Saved entries:

===

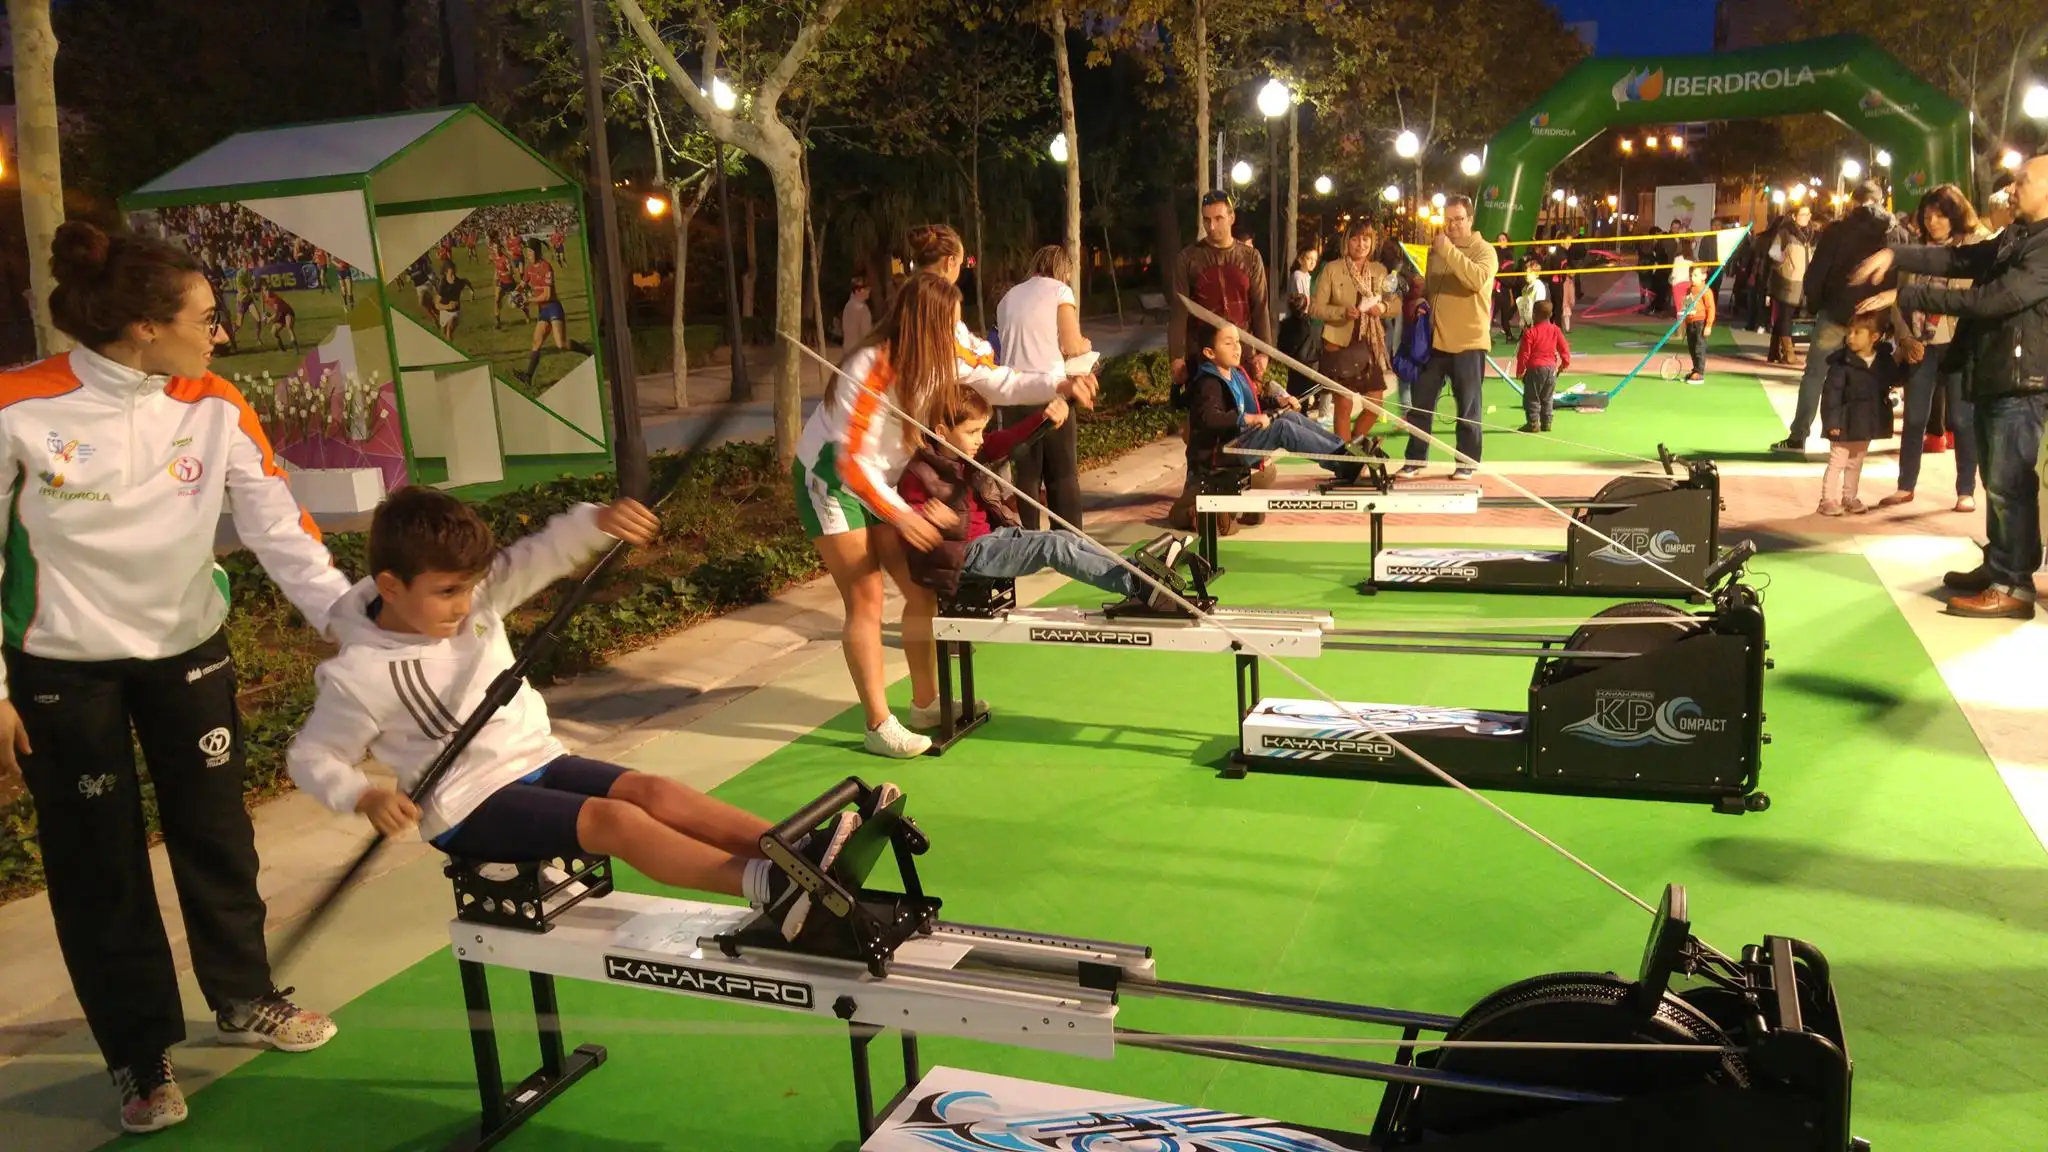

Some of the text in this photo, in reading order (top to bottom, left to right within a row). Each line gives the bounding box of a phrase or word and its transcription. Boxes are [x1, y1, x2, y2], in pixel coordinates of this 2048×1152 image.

[1665, 65, 1815, 97] IBERDROLA
[1531, 127, 1577, 136] IBERDROLA
[1269, 501, 1357, 510] KAYAKPRO
[1387, 566, 1477, 577] KAYAKPRO
[1031, 628, 1150, 645] KAYAKPRO
[1263, 736, 1393, 756] KAYAKPRO
[607, 957, 808, 1004] KAYAKPRO

===

Return the records above verbatim, images excluded.

■ WRITTEN ANSWER:
Some of the text in this photo, in reading order (top to bottom, left to right within a row). Each line gives the bounding box of a phrase or word and its transcription. Boxes are [x1, y1, x2, y2], in pixel coordinates of this 2048×1152 image.

[1665, 65, 1815, 97] IBERDROLA
[1531, 127, 1577, 136] IBERDROLA
[1269, 501, 1357, 510] KAYAKPRO
[1387, 566, 1477, 577] KAYAKPRO
[1031, 628, 1150, 645] KAYAKPRO
[1263, 736, 1393, 756] KAYAKPRO
[607, 957, 808, 1004] KAYAKPRO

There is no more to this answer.